> _Action item_: A verbatim copy of the lines from the one with "this 1600×1200 image." through the final line below is required; print it and nothing else.

> _Phrase grounding data_:
◇ ◇ ◇

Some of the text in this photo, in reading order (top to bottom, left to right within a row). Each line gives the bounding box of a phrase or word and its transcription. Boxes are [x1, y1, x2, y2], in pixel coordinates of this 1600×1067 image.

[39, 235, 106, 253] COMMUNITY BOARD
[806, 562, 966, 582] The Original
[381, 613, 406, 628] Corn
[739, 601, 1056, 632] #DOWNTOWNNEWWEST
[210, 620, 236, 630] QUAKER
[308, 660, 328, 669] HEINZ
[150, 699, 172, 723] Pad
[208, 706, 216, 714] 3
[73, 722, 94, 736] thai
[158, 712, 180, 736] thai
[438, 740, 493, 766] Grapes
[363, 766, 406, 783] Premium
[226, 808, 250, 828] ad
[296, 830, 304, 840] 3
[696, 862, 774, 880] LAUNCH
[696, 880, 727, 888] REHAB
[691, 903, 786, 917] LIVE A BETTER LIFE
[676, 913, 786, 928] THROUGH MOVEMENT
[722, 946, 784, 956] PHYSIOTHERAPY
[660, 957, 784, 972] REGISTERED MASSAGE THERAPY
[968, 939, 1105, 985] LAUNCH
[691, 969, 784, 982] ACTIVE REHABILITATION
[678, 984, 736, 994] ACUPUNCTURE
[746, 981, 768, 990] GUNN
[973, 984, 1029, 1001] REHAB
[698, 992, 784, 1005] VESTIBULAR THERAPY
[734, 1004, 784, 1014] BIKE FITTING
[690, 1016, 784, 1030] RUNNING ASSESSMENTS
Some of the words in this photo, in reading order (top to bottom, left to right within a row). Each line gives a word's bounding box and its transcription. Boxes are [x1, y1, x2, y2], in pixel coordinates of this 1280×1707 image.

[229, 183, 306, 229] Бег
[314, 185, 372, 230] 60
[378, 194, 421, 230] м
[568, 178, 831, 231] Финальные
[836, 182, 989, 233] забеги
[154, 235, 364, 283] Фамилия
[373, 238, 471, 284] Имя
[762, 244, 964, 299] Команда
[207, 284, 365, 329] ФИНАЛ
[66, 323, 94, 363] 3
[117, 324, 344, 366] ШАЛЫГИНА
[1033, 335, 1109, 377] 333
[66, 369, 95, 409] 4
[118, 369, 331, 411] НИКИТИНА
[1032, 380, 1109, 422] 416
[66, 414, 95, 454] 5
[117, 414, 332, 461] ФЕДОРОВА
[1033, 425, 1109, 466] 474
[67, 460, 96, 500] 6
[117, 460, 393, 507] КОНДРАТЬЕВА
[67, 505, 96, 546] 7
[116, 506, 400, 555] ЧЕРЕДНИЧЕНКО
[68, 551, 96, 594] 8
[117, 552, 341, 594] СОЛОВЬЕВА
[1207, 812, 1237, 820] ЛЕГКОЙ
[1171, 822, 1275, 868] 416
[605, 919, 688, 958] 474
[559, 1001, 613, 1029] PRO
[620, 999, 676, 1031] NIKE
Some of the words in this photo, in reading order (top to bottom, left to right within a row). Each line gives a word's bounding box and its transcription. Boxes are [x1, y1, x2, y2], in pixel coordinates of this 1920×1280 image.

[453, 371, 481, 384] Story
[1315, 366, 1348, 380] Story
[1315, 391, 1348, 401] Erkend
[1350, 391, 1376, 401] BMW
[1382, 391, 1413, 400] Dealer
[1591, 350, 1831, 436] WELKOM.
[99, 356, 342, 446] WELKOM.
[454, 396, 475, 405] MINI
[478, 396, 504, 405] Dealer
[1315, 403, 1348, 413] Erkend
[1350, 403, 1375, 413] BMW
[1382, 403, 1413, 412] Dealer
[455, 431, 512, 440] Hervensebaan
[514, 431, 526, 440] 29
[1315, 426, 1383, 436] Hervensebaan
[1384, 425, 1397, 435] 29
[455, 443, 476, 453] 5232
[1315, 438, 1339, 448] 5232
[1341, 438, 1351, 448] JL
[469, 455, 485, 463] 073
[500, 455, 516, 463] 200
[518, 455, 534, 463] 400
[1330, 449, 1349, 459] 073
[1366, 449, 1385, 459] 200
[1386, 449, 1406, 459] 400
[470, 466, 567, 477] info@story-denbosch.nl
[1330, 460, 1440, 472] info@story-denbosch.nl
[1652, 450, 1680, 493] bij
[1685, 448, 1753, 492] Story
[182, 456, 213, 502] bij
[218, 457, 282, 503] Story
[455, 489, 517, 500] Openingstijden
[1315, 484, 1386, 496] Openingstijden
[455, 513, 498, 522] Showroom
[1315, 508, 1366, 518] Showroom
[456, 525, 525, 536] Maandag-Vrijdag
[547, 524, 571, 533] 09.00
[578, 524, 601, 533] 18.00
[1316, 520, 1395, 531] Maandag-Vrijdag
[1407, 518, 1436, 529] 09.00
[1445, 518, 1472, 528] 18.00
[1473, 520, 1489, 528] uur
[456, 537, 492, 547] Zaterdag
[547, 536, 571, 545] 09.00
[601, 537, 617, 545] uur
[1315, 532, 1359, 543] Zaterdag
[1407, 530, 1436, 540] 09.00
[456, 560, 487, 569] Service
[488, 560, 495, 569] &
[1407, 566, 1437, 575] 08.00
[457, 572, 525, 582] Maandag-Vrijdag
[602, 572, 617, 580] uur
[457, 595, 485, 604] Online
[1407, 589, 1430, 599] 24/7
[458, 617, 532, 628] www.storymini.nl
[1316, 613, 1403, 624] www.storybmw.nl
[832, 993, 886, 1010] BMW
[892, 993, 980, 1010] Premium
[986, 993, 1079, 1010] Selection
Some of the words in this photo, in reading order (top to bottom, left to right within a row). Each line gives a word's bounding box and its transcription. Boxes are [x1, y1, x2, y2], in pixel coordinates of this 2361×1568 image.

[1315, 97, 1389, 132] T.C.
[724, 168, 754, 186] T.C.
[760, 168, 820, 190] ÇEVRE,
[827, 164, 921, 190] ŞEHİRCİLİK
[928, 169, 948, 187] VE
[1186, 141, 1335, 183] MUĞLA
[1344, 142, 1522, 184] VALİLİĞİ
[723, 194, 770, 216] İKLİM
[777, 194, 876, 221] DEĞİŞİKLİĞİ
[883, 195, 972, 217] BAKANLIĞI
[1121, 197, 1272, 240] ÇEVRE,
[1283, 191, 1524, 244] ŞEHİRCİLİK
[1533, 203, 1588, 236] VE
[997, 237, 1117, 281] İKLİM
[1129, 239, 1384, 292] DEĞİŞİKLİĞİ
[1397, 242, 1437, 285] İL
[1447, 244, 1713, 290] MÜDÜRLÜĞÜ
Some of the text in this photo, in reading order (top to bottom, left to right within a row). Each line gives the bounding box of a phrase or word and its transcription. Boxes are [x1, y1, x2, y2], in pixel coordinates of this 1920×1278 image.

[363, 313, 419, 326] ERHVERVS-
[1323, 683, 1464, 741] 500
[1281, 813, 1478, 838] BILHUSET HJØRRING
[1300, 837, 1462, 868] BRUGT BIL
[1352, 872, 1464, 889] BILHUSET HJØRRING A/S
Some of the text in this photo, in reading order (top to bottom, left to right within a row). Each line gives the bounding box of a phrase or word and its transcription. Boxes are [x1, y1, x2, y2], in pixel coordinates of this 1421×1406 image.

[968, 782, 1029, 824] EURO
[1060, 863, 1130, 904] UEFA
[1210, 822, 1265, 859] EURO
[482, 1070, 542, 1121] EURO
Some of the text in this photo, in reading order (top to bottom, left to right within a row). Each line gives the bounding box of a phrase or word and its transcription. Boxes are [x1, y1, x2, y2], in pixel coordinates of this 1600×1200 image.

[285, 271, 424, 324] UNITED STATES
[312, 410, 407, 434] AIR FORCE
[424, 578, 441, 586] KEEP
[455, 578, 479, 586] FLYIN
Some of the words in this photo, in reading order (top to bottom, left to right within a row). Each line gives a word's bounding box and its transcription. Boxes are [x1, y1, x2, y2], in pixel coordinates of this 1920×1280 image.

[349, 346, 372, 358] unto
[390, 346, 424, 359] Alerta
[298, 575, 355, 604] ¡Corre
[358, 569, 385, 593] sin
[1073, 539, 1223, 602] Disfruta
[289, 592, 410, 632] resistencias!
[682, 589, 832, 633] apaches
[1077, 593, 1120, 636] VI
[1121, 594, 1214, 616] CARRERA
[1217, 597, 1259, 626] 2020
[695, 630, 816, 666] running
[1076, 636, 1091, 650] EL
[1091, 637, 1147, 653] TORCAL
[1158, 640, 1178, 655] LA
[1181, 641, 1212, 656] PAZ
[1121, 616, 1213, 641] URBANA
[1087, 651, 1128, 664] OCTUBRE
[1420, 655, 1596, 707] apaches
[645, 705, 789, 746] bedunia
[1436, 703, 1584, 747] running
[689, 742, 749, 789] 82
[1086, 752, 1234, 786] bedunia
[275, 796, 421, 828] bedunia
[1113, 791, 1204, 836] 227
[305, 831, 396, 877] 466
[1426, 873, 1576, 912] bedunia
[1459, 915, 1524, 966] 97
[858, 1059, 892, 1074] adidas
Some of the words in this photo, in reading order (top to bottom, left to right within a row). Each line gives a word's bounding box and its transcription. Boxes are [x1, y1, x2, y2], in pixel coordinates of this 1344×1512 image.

◇ ◇ ◇

> _Written solution_:
Some of the text in this photo, in reading order (top to bottom, left to right within a row). Each line gives the bounding box of a phrase or word and its transcription. Boxes are [x1, y1, x2, y2], in pixel coordinates of this 1600×1200 image.

[285, 271, 424, 324] UNITED STATES
[312, 410, 407, 434] AIR FORCE
[424, 578, 441, 586] KEEP
[455, 578, 479, 586] FLYIN
Some of the words in this photo, in reading order (top to bottom, left to right within a row). Each line gives a word's bounding box and its transcription. Boxes are [x1, y1, x2, y2], in pixel coordinates of this 1920×1280 image.

[349, 346, 372, 358] unto
[390, 346, 424, 359] Alerta
[298, 575, 355, 604] ¡Corre
[358, 569, 385, 593] sin
[1073, 539, 1223, 602] Disfruta
[289, 592, 410, 632] resistencias!
[682, 589, 832, 633] apaches
[1077, 593, 1120, 636] VI
[1121, 594, 1214, 616] CARRERA
[1217, 597, 1259, 626] 2020
[695, 630, 816, 666] running
[1076, 636, 1091, 650] EL
[1091, 637, 1147, 653] TORCAL
[1158, 640, 1178, 655] LA
[1181, 641, 1212, 656] PAZ
[1121, 616, 1213, 641] URBANA
[1087, 651, 1128, 664] OCTUBRE
[1420, 655, 1596, 707] apaches
[645, 705, 789, 746] bedunia
[1436, 703, 1584, 747] running
[689, 742, 749, 789] 82
[1086, 752, 1234, 786] bedunia
[275, 796, 421, 828] bedunia
[1113, 791, 1204, 836] 227
[305, 831, 396, 877] 466
[1426, 873, 1576, 912] bedunia
[1459, 915, 1524, 966] 97
[858, 1059, 892, 1074] adidas
Some of the words in this photo, in reading order (top to bottom, left to right within a row). Each line gives a word's bounding box and its transcription. Boxes are [x1, y1, x2, y2], in pixel coordinates of this 1344×1512 image.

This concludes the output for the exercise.